Activity: Below are records to be repeated exactly. Leave their pictures behind.

Start of Data excerpts

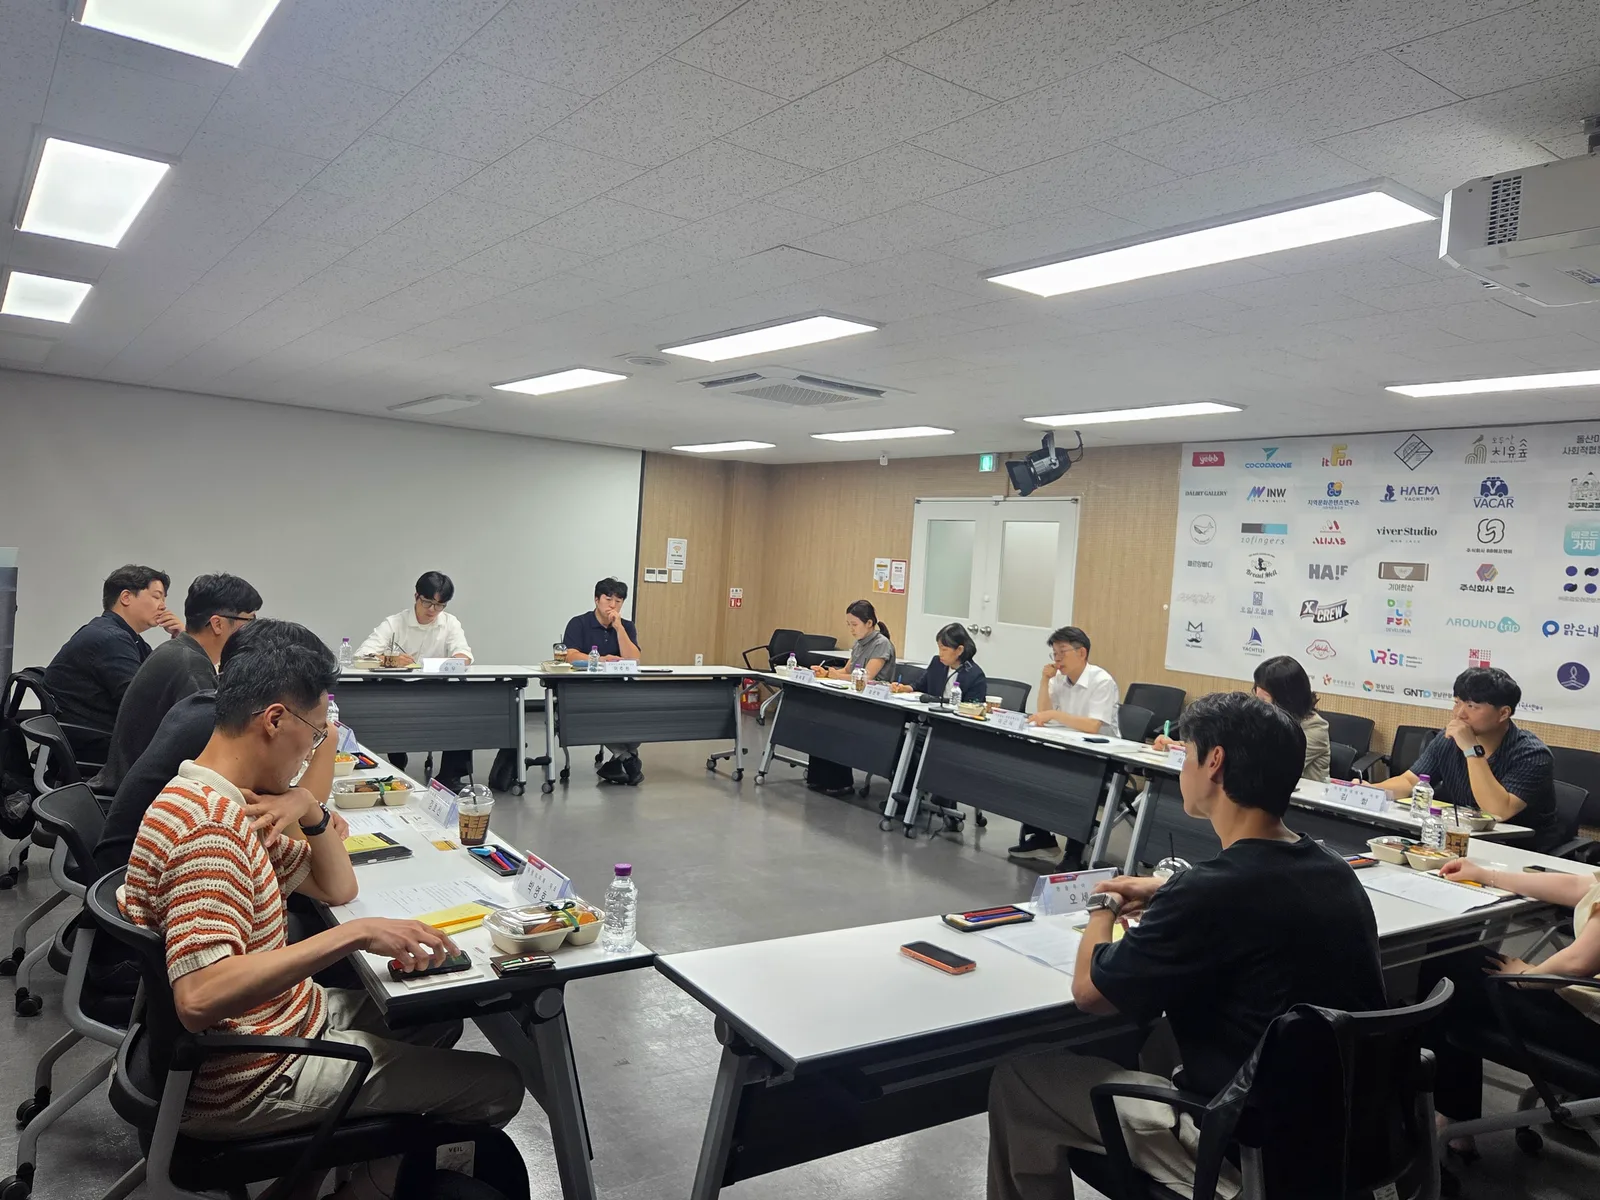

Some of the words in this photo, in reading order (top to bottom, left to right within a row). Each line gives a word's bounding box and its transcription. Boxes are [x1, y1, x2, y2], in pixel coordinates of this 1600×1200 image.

[1473, 498, 1514, 509] VACAR
[1459, 583, 1494, 594] 주식회사
[1317, 606, 1343, 622] CREW
[1445, 617, 1497, 630] AROUND

End of Data excerpts

Written solution:
Some of the words in this photo, in reading order (top to bottom, left to right within a row). Each line gives a word's bounding box and its transcription. Boxes are [x1, y1, x2, y2], in pixel coordinates of this 1600×1200 image.

[1473, 498, 1514, 509] VACAR
[1459, 583, 1494, 594] 주식회사
[1317, 606, 1343, 622] CREW
[1445, 617, 1497, 630] AROUND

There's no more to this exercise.